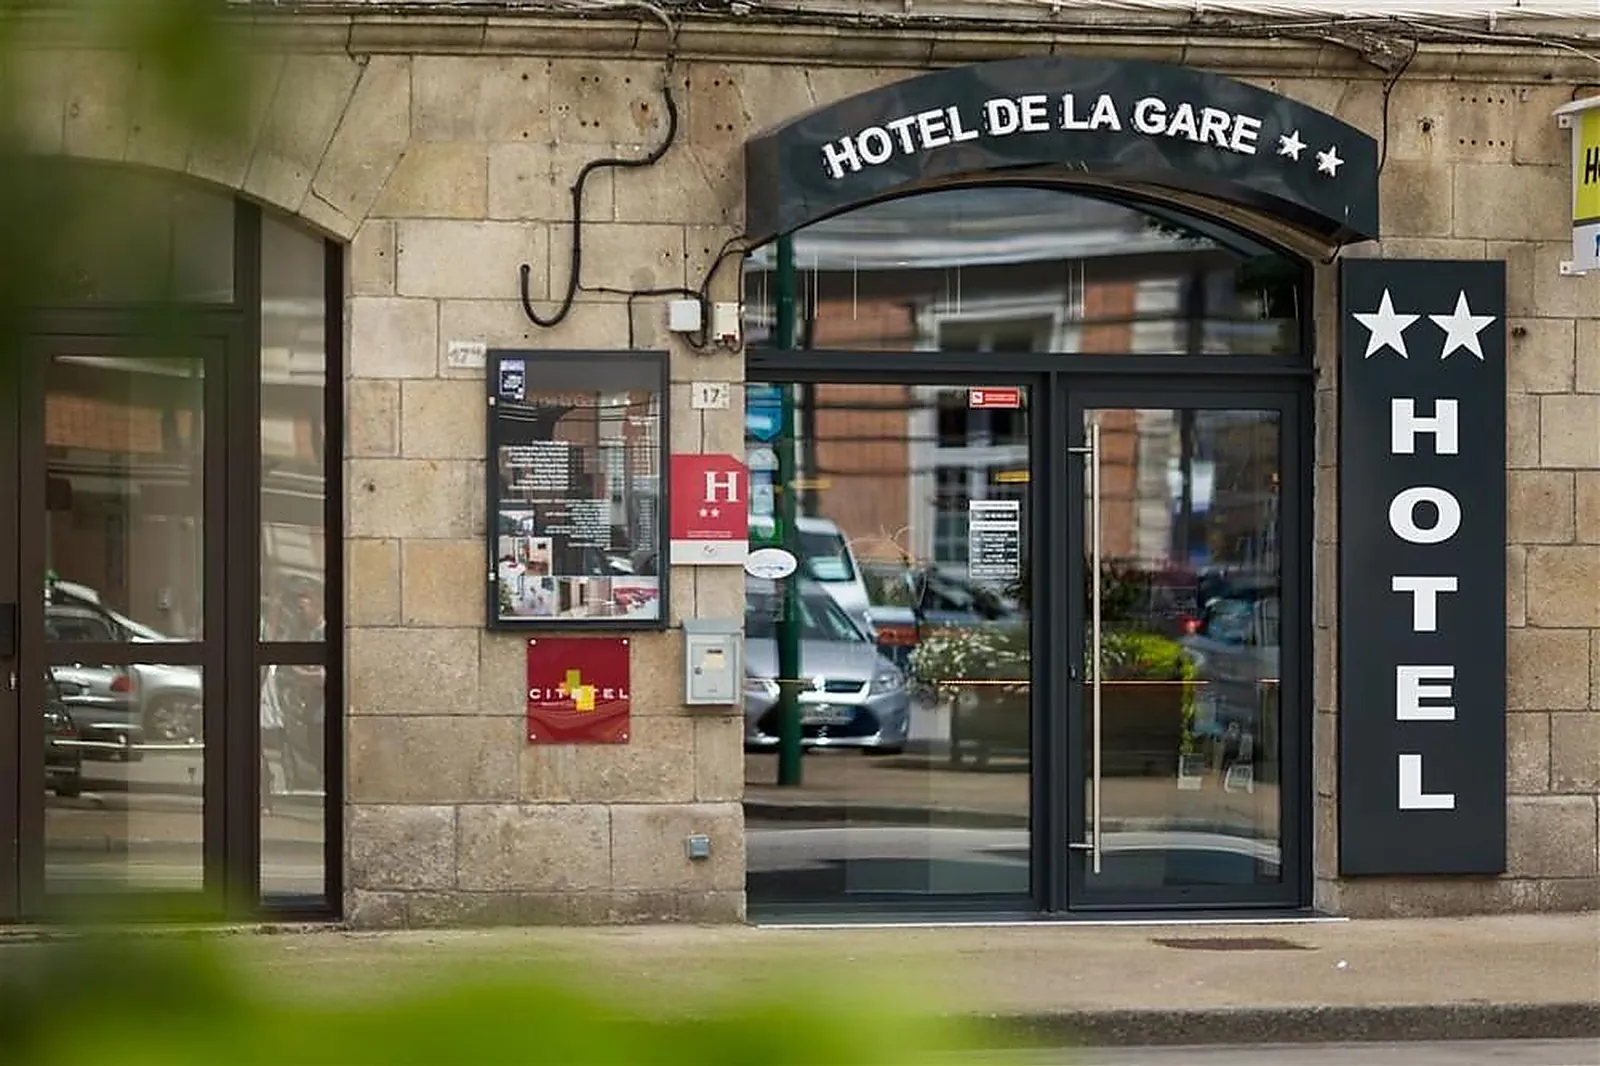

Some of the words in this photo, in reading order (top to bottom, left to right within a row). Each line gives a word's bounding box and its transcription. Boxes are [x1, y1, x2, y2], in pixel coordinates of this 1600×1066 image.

[822, 106, 979, 179] HOTEL
[986, 94, 1050, 136] DE
[1061, 93, 1122, 132] LA
[1132, 97, 1262, 155] GARE
[1584, 146, 1600, 185] H
[703, 388, 720, 403] 17
[704, 471, 740, 502] H
[1388, 398, 1461, 809] HOTEL

++++++++

**Task statement**
Once the pictures are removed, copy the listing exactly.

**Task response**
Some of the words in this photo, in reading order (top to bottom, left to right within a row). Each line gives a word's bounding box and its transcription. Boxes are [x1, y1, x2, y2], in pixel coordinates of this 1600×1066 image.

[822, 106, 979, 179] HOTEL
[986, 94, 1050, 136] DE
[1061, 93, 1122, 132] LA
[1132, 97, 1262, 155] GARE
[1584, 146, 1600, 185] H
[703, 388, 720, 403] 17
[704, 471, 740, 502] H
[1388, 398, 1461, 809] HOTEL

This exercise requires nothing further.